Copy everything in the records, character for character, except images.

Material for this exercise.
####################

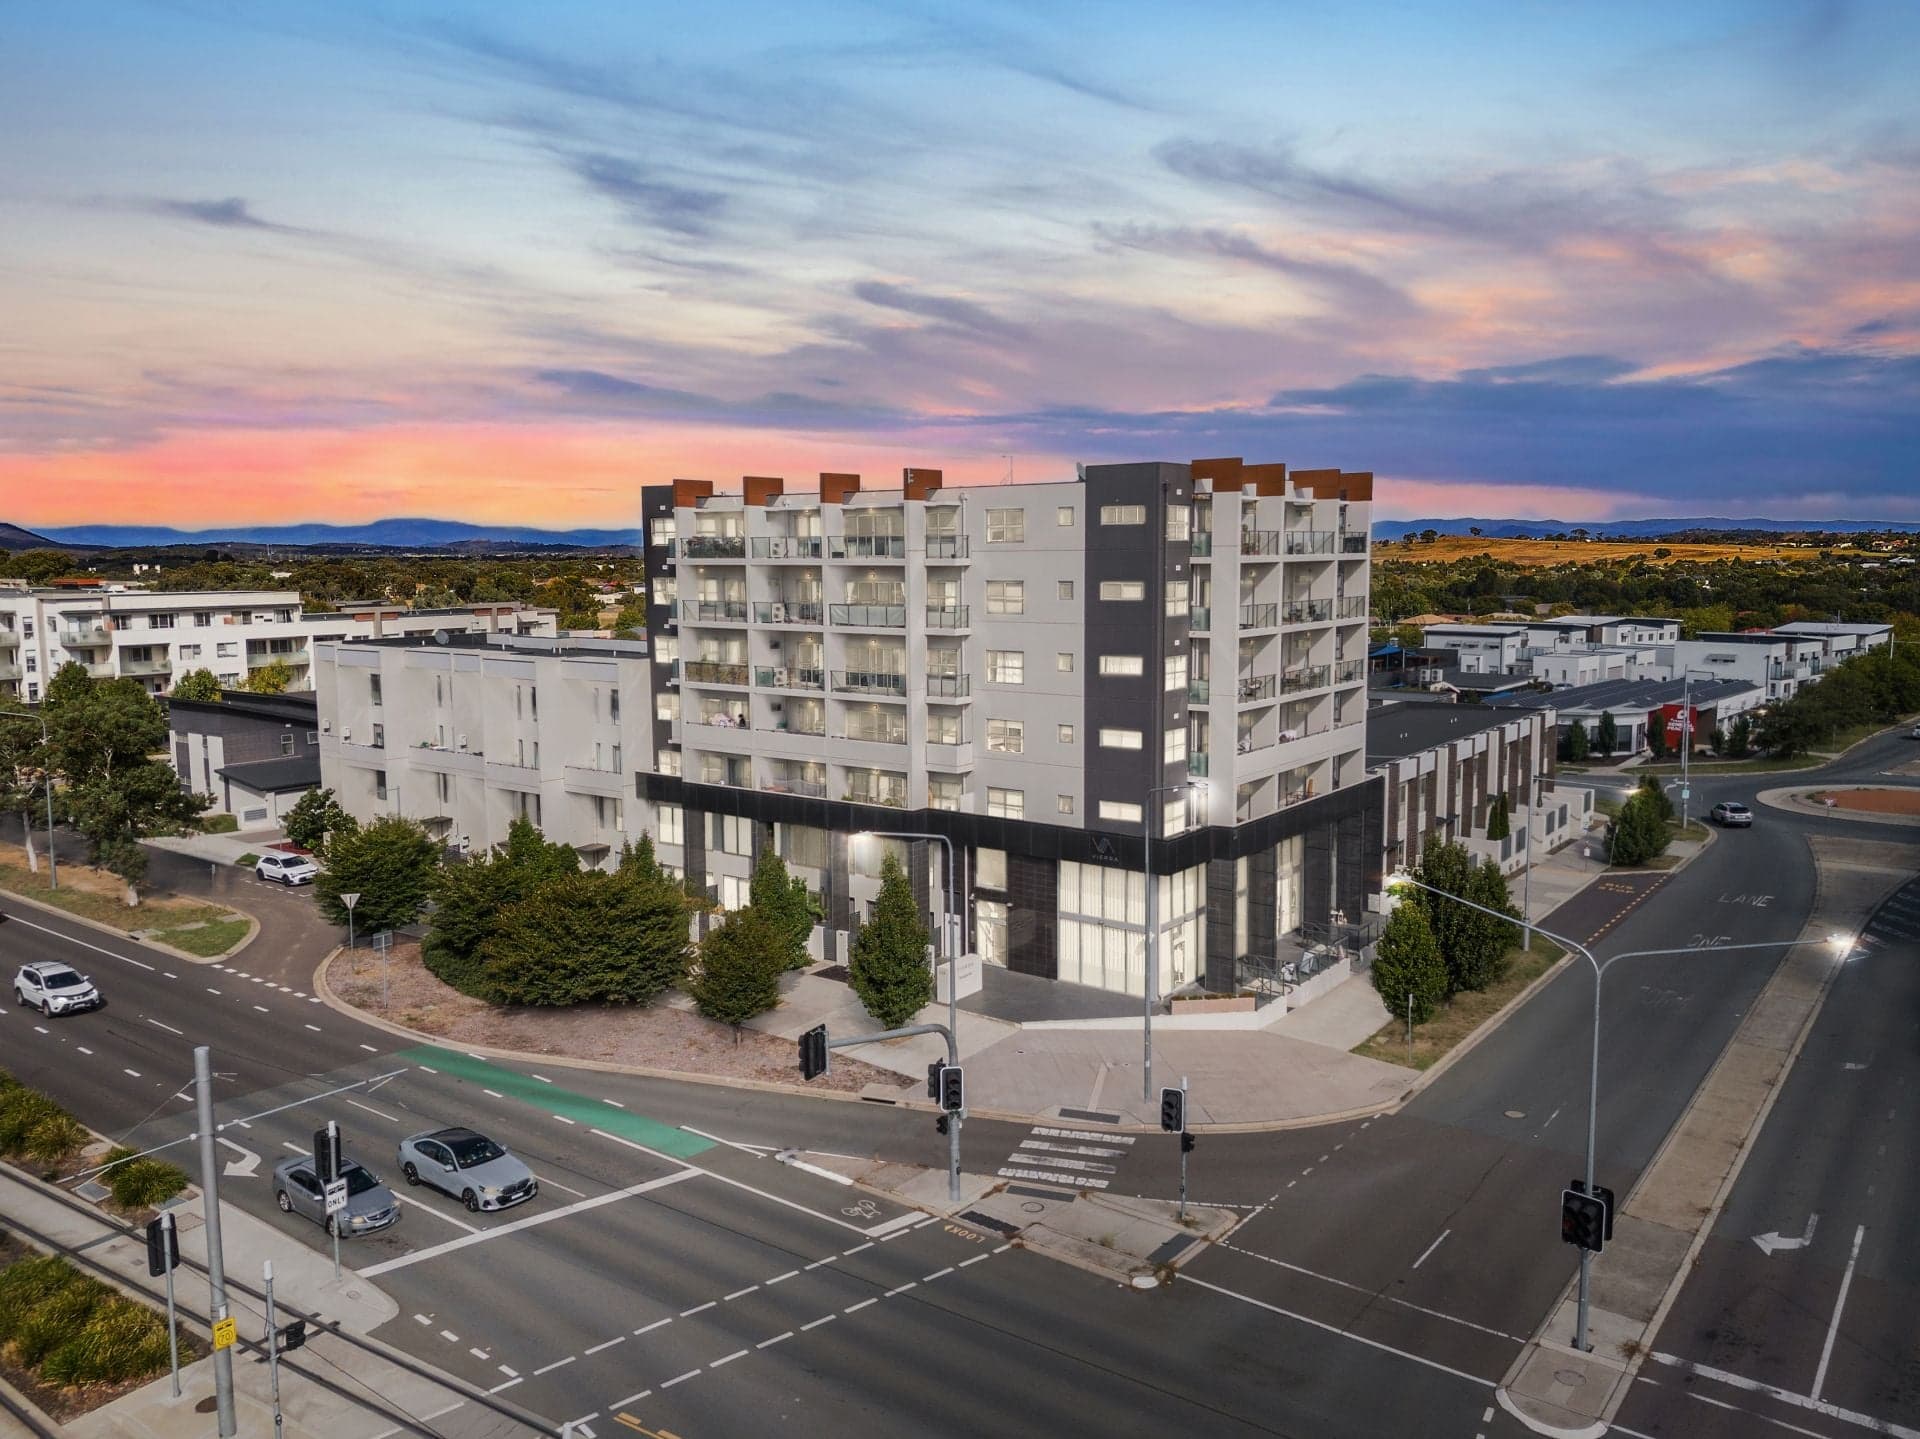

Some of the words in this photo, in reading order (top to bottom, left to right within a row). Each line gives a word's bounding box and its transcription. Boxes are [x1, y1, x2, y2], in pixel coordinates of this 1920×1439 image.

[1718, 893, 1775, 907] LANE
[328, 1196, 345, 1208] ONLY
[949, 1226, 985, 1243] LOOK
[219, 1332, 231, 1343] 70
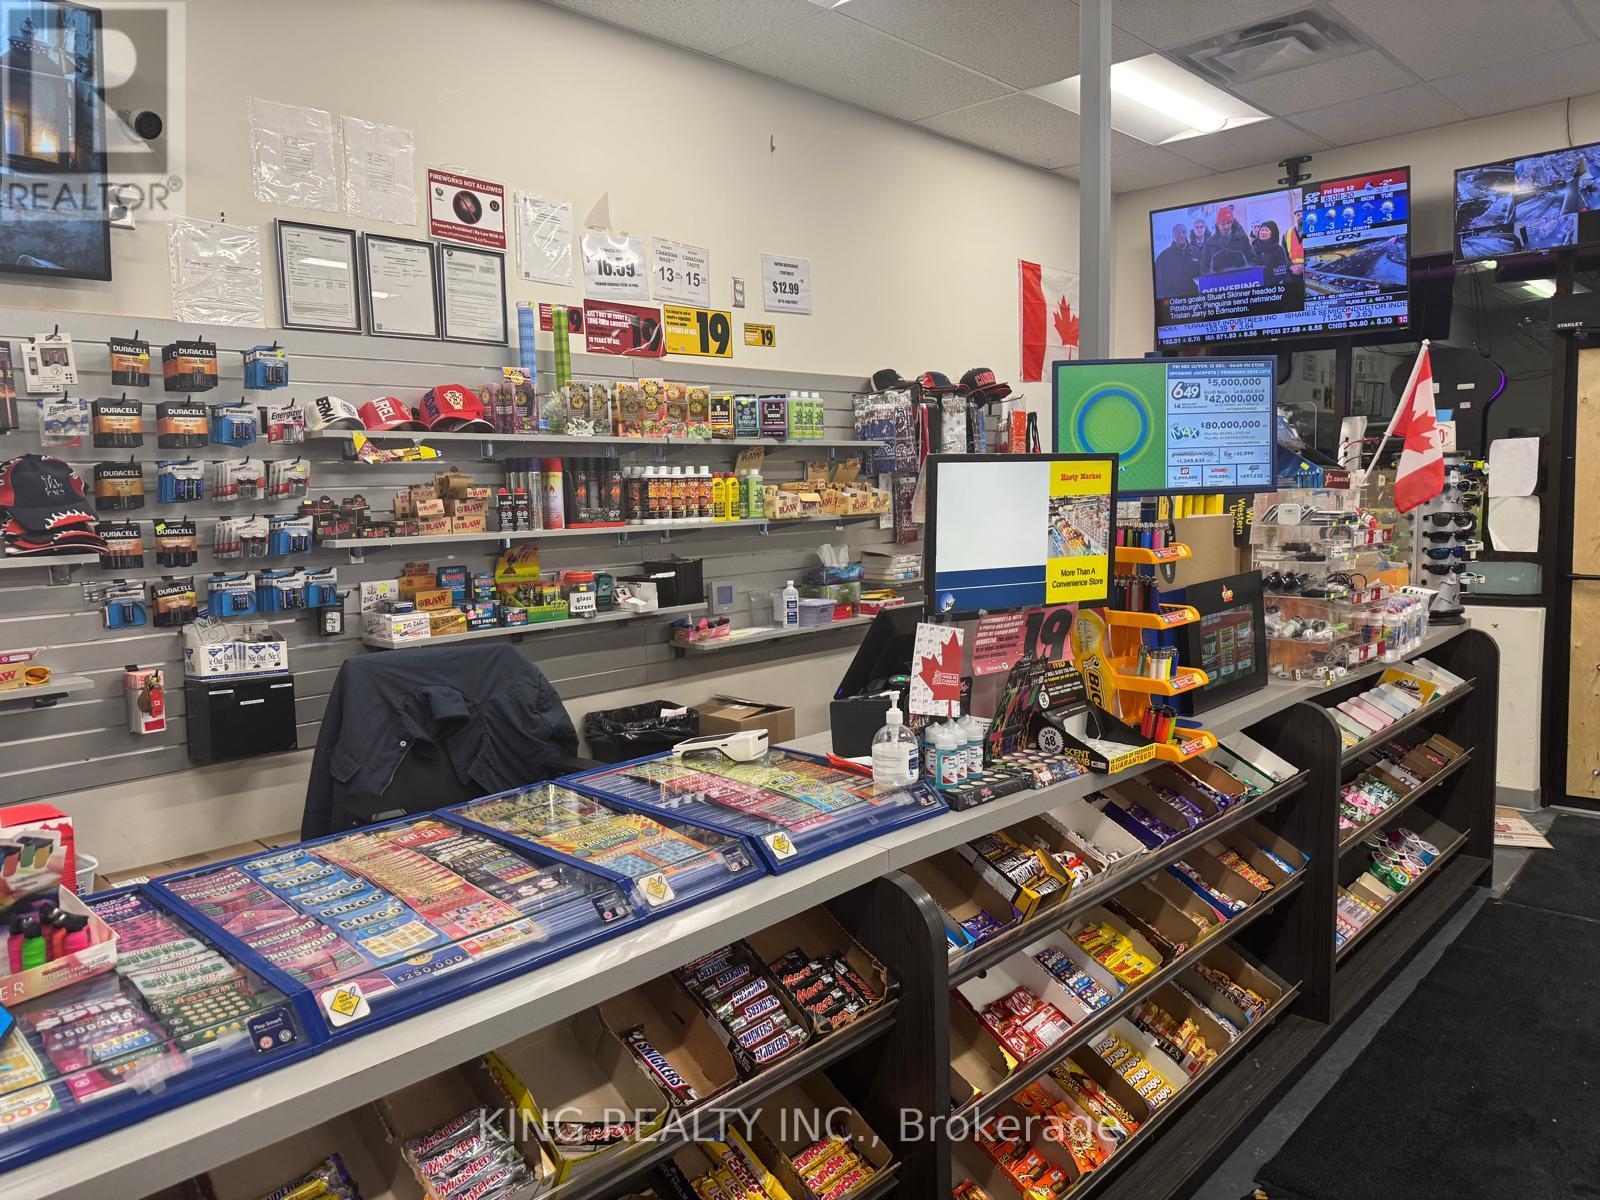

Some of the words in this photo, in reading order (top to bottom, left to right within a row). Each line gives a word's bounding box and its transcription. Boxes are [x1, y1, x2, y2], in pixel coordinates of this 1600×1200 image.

[430, 172, 462, 185] FIREWORKS
[464, 180, 476, 188] NOT
[476, 183, 503, 194] ALLOWED
[432, 221, 452, 230] Fireworks
[452, 226, 472, 234] Prohibited
[1326, 222, 1335, 230] -3
[1363, 216, 1372, 224] -5
[1382, 214, 1392, 222] -3
[1336, 232, 1361, 242] CP24
[656, 250, 678, 258] CANADIAN
[682, 255, 704, 264] CANADIAN
[659, 266, 674, 282] 13
[686, 272, 700, 287] 15
[772, 282, 800, 296] $12.99
[1170, 297, 1187, 305] Oilers
[1188, 296, 1206, 305] goalie
[1207, 293, 1226, 302] Stuart
[1228, 290, 1251, 300] Skinner
[1252, 287, 1277, 296] headed
[1204, 301, 1231, 310] Penguins
[1250, 294, 1282, 304] netminder
[1170, 311, 1191, 320] Tristan
[1192, 310, 1206, 318] Jarry
[1216, 306, 1250, 314] Edmonton.
[1184, 321, 1221, 330] TERRAVEST
[1222, 317, 1263, 326] INDUSTRIES
[1285, 310, 1316, 319] ISHARES
[1318, 303, 1386, 316] SEMICONDUCTOR
[1356, 310, 1372, 318] 3.63
[696, 311, 730, 354] 19
[1262, 328, 1281, 336] PPEM
[1376, 317, 1392, 325] 8.30
[630, 316, 660, 352] 19
[761, 328, 774, 346] 19
[113, 345, 146, 354] DURACELL
[178, 348, 214, 356] DURACELL
[1208, 378, 1261, 387] $5,000,000
[1204, 394, 1264, 404] $42,000,000
[168, 408, 204, 416] DURACELL
[272, 408, 303, 420] Energizer
[1200, 420, 1260, 430] $80,000,000
[742, 450, 762, 462] RAW
[1060, 473, 1079, 482] Hasty
[413, 490, 434, 498] RAW
[472, 488, 488, 496] RAW
[421, 504, 439, 512] RAW
[464, 502, 484, 513] RAW
[779, 502, 798, 514] RAW
[802, 501, 818, 510] RAW
[852, 499, 868, 510] RAW
[873, 498, 886, 508] RAW
[1236, 498, 1246, 535] Western
[325, 522, 350, 536] RAW
[425, 520, 447, 531] RAW
[460, 520, 481, 529] RAW
[101, 530, 139, 538] DURACELL
[157, 528, 194, 537] DURACELL
[368, 529, 384, 538] RAW
[1061, 569, 1076, 577] More
[1076, 568, 1090, 576] Than
[1052, 578, 1088, 589] Convenience
[1089, 578, 1104, 586] Store
[158, 585, 192, 596] DURACELL
[363, 593, 388, 603] ZIG-ZAG
[423, 594, 447, 606] RAW
[576, 594, 592, 602] glass
[403, 620, 424, 630] ZIG-ZAG
[1024, 608, 1072, 661] 19
[214, 656, 223, 664] Out
[1088, 672, 1104, 708] BIC
[1042, 727, 1056, 738] LASTS
[1044, 736, 1056, 747] 48
[1064, 748, 1090, 759] SCENT
[1110, 751, 1154, 772] GUARANTEED!
[465, 850, 502, 863] MILLION
[274, 868, 334, 888] BINGO
[302, 883, 364, 905] BINGO
[320, 894, 384, 916] BINGO
[339, 907, 403, 930] BINGO
[717, 964, 749, 987] SNICKERS
[782, 966, 812, 987] Mars
[796, 980, 824, 1002] Mars
[745, 995, 780, 1019] SNICKERS
[254, 1022, 265, 1030] Play
[266, 1018, 282, 1028] Smart
[738, 1019, 773, 1048] SNICKERS
[755, 1033, 789, 1062] SNICKERS
[640, 1042, 685, 1088] SNICKERS
[428, 1134, 481, 1177] Musketeers
[440, 1153, 494, 1196] Musketeers
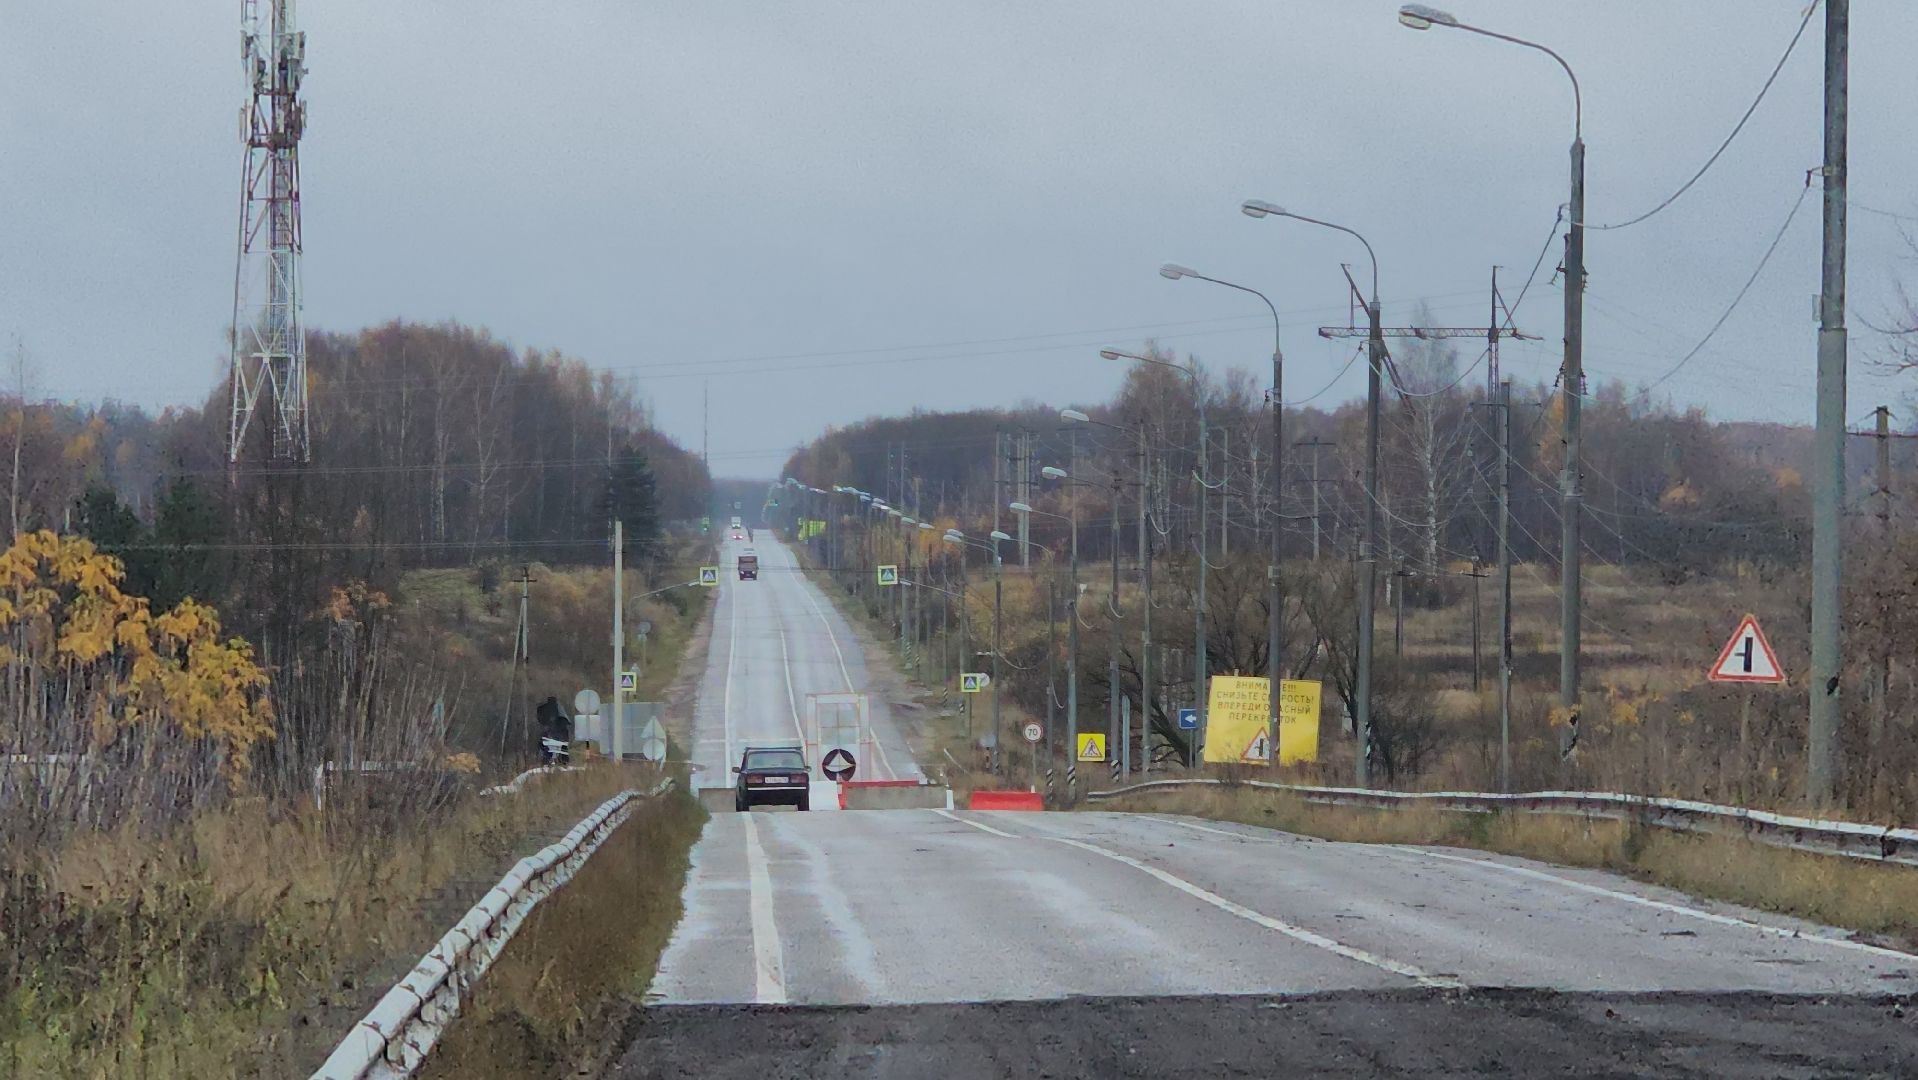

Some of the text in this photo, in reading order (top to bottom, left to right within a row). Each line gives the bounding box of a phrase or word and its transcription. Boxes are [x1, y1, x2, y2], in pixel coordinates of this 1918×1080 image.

####################

Written response.
Some of the words in this photo, in reading order (top to bottom, left to right within a row). Each line gives a word's bounding box and its transcription. Boxes are [x1, y1, x2, y2], in pixel coordinates of this 1920×1439 image.

[1718, 893, 1775, 907] LANE
[328, 1196, 345, 1208] ONLY
[949, 1226, 985, 1243] LOOK
[219, 1332, 231, 1343] 70

Some of the words in this photo, in reading order (top to bottom, left to right within a row). Each line gives a word's bounding box and its transcription. Boxes are [x1, y1, x2, y2], in pixel coordinates of this 1600×1200 image.

[430, 172, 462, 185] FIREWORKS
[464, 180, 476, 188] NOT
[476, 183, 503, 194] ALLOWED
[432, 221, 452, 230] Fireworks
[452, 226, 472, 234] Prohibited
[1326, 222, 1335, 230] -3
[1363, 216, 1372, 224] -5
[1382, 214, 1392, 222] -3
[1336, 232, 1361, 242] CP24
[656, 250, 678, 258] CANADIAN
[682, 255, 704, 264] CANADIAN
[659, 266, 674, 282] 13
[686, 272, 700, 287] 15
[772, 282, 800, 296] $12.99
[1170, 297, 1187, 305] Oilers
[1188, 296, 1206, 305] goalie
[1207, 293, 1226, 302] Stuart
[1228, 290, 1251, 300] Skinner
[1252, 287, 1277, 296] headed
[1204, 301, 1231, 310] Penguins
[1250, 294, 1282, 304] netminder
[1170, 311, 1191, 320] Tristan
[1192, 310, 1206, 318] Jarry
[1216, 306, 1250, 314] Edmonton.
[1184, 321, 1221, 330] TERRAVEST
[1222, 317, 1263, 326] INDUSTRIES
[1285, 310, 1316, 319] ISHARES
[1318, 303, 1386, 316] SEMICONDUCTOR
[1356, 310, 1372, 318] 3.63
[696, 311, 730, 354] 19
[1262, 328, 1281, 336] PPEM
[1376, 317, 1392, 325] 8.30
[630, 316, 660, 352] 19
[761, 328, 774, 346] 19
[113, 345, 146, 354] DURACELL
[178, 348, 214, 356] DURACELL
[1208, 378, 1261, 387] $5,000,000
[1204, 394, 1264, 404] $42,000,000
[168, 408, 204, 416] DURACELL
[272, 408, 303, 420] Energizer
[1200, 420, 1260, 430] $80,000,000
[742, 450, 762, 462] RAW
[1060, 473, 1079, 482] Hasty
[413, 490, 434, 498] RAW
[472, 488, 488, 496] RAW
[421, 504, 439, 512] RAW
[464, 502, 484, 513] RAW
[779, 502, 798, 514] RAW
[802, 501, 818, 510] RAW
[852, 499, 868, 510] RAW
[873, 498, 886, 508] RAW
[1236, 498, 1246, 535] Western
[325, 522, 350, 536] RAW
[425, 520, 447, 531] RAW
[460, 520, 481, 529] RAW
[101, 530, 139, 538] DURACELL
[157, 528, 194, 537] DURACELL
[368, 529, 384, 538] RAW
[1061, 569, 1076, 577] More
[1076, 568, 1090, 576] Than
[1052, 578, 1088, 589] Convenience
[1089, 578, 1104, 586] Store
[158, 585, 192, 596] DURACELL
[363, 593, 388, 603] ZIG-ZAG
[423, 594, 447, 606] RAW
[576, 594, 592, 602] glass
[403, 620, 424, 630] ZIG-ZAG
[1024, 608, 1072, 661] 19
[214, 656, 223, 664] Out
[1088, 672, 1104, 708] BIC
[1042, 727, 1056, 738] LASTS
[1044, 736, 1056, 747] 48
[1064, 748, 1090, 759] SCENT
[1110, 751, 1154, 772] GUARANTEED!
[465, 850, 502, 863] MILLION
[274, 868, 334, 888] BINGO
[302, 883, 364, 905] BINGO
[320, 894, 384, 916] BINGO
[339, 907, 403, 930] BINGO
[717, 964, 749, 987] SNICKERS
[782, 966, 812, 987] Mars
[796, 980, 824, 1002] Mars
[745, 995, 780, 1019] SNICKERS
[254, 1022, 265, 1030] Play
[266, 1018, 282, 1028] Smart
[738, 1019, 773, 1048] SNICKERS
[755, 1033, 789, 1062] SNICKERS
[640, 1042, 685, 1088] SNICKERS
[428, 1134, 481, 1177] Musketeers
[440, 1153, 494, 1196] Musketeers

Some of the text in this photo, in reading order (top to bottom, left to right within a row). Each line gives the bounding box of a phrase or word and its transcription. Boxes are [x1, y1, x2, y2], in pixel coordinates of this 1918×1080 image.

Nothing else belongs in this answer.